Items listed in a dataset
BEGIN
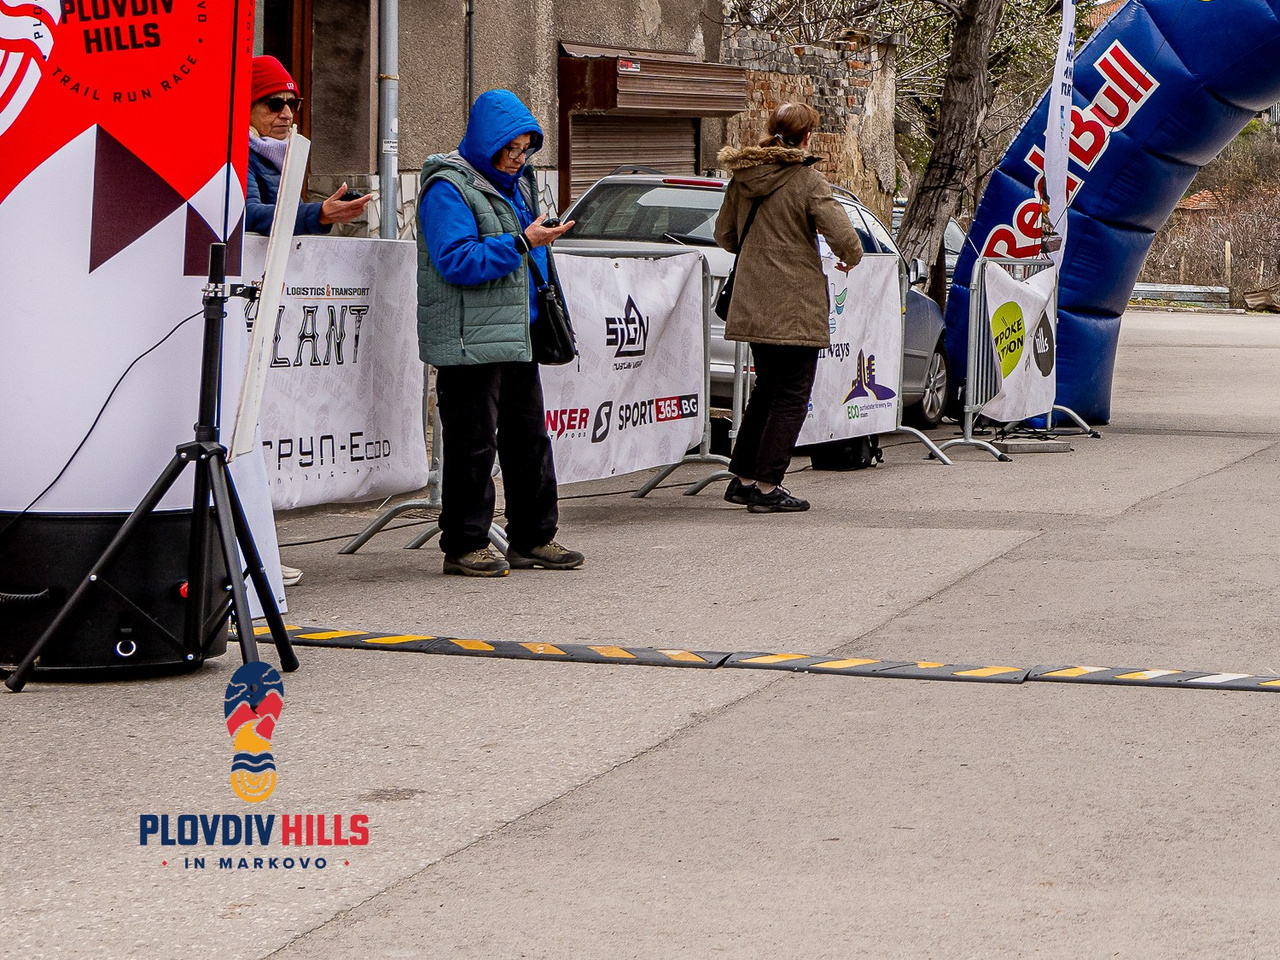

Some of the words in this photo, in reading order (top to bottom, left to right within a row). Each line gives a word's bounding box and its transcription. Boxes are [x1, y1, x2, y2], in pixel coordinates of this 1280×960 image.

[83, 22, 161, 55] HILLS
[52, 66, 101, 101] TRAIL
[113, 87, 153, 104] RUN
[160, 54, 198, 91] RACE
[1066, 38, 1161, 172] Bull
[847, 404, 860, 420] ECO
END
(YOUR OBJECTIVE):
Return every entry word for word, minus the pictures.

(RESPONSE):
Some of the words in this photo, in reading order (top to bottom, left to right within a row). Each line gives a word's bounding box and its transcription. Boxes are [x1, y1, x2, y2], in pixel coordinates of this 1280×960 image.

[83, 22, 161, 55] HILLS
[52, 66, 101, 101] TRAIL
[113, 87, 153, 104] RUN
[160, 54, 198, 91] RACE
[1066, 38, 1161, 172] Bull
[847, 404, 860, 420] ECO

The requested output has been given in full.